Semtech Explains Why Its LPWAN Solution is the Best

By Paula Bernier August 24, 2015

Last week at IoT Evolution Expo new On-Ramp Wireless CEO John Horn sang the praises of low-power wide area network technology. This afternoon Hardy Schmidbauer told me why he thinks Semtech’s version of LPWAN is better.

Semtech is a mid-sized semiconductor company that invented LoRa, a low-power WAN architecture. It then formed the LoRa Alliance along with other vendors like Cisco (News - Alert) and IBM, as well as some service providers, to standardize it. The company is now in the process of licensing the technology to other semiconductor suppliers; alliance member Microchip is already a second source.

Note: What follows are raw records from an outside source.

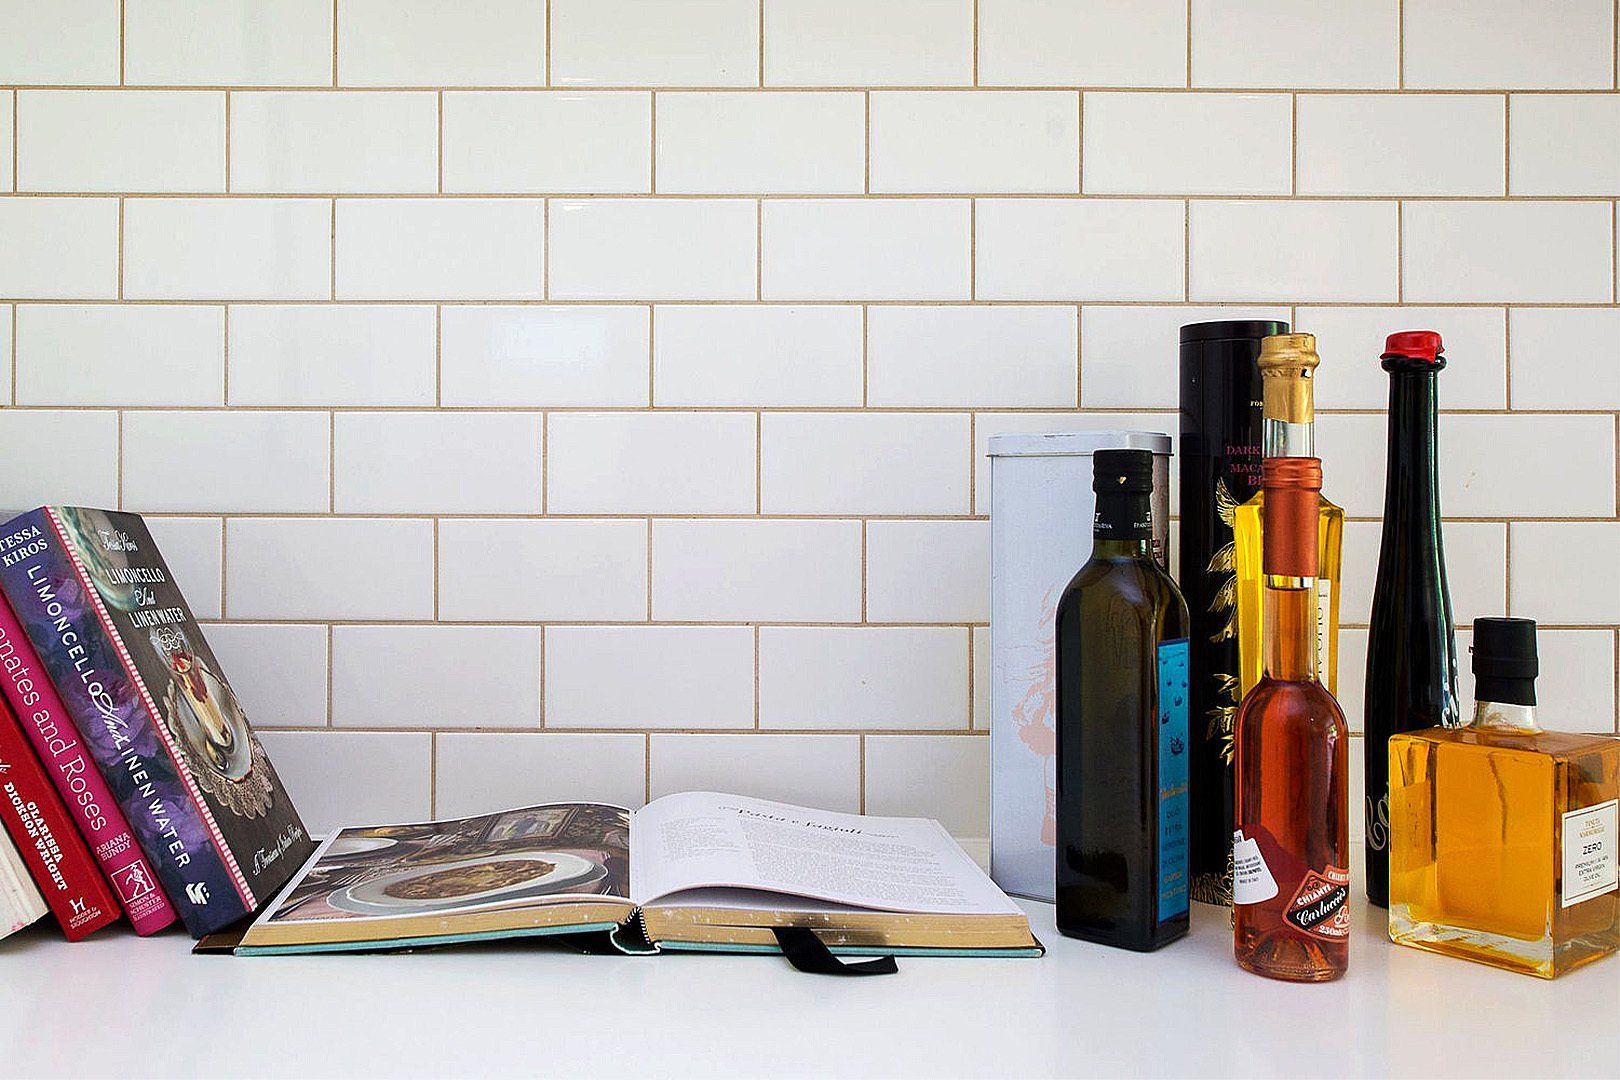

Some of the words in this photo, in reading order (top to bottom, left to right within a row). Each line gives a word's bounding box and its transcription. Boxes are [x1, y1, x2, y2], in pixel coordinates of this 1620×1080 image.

[1226, 446, 1261, 456] DARK
[2, 539, 48, 568] KIROS
[106, 567, 165, 585] LIMONCELLO
[128, 610, 158, 629] LINEN
[156, 607, 187, 626] WATER
[28, 565, 103, 697] LIMONCELLO
[115, 736, 156, 798] LINEN
[148, 800, 191, 869] WATER
[33, 709, 77, 757] and
[59, 754, 107, 832] Roses
[4, 781, 39, 838] DICKSON
[35, 837, 68, 891] WRIGHT
[27, 801, 64, 863] CLARISSA
[96, 832, 130, 855] ARIANA
[101, 840, 131, 861] BUNDY
[1582, 841, 1602, 855] ZERO

According to Schmidbauer, devices using LoRa networks have multiyear battery life and the cost of LoRa cellular modules are three to five times cheaper than those required by the technology On-Ramp Wireless owns and uses. Additionally, the prospect for interference with LoRaWAN, which operates in the sub-gigahertz range, is much lower than it is for On-Ramp Wireless, which operates at 2.4 gHz, says Schmidbauer.

LoRa also has significant reach, he said, and is already selling at extremely high volumes compared to On-Ramp and other alternatives like Sigfox—making it the most deployed LPWAN technology solution out there today.

Image via Shutterstock

The alliance was announced early this year at Mobile World Congress (News - Alert), and already has 100 members, and expects to double that by the end of this year. And the company is working with 50 MNOs worldwide, and has made a handful of public announcements of customers—with Bouygues of France, FastNet of South Africa, KPN, Lace in Russia, Proximus/Belgacom (News - Alert), and Swisscom, among others.

Whatever the LPWAN solution service providers elect to go with, the argument of companies like On-Ramp and Semtech is that this basic approach is a good and more affordable match for IoT deployments.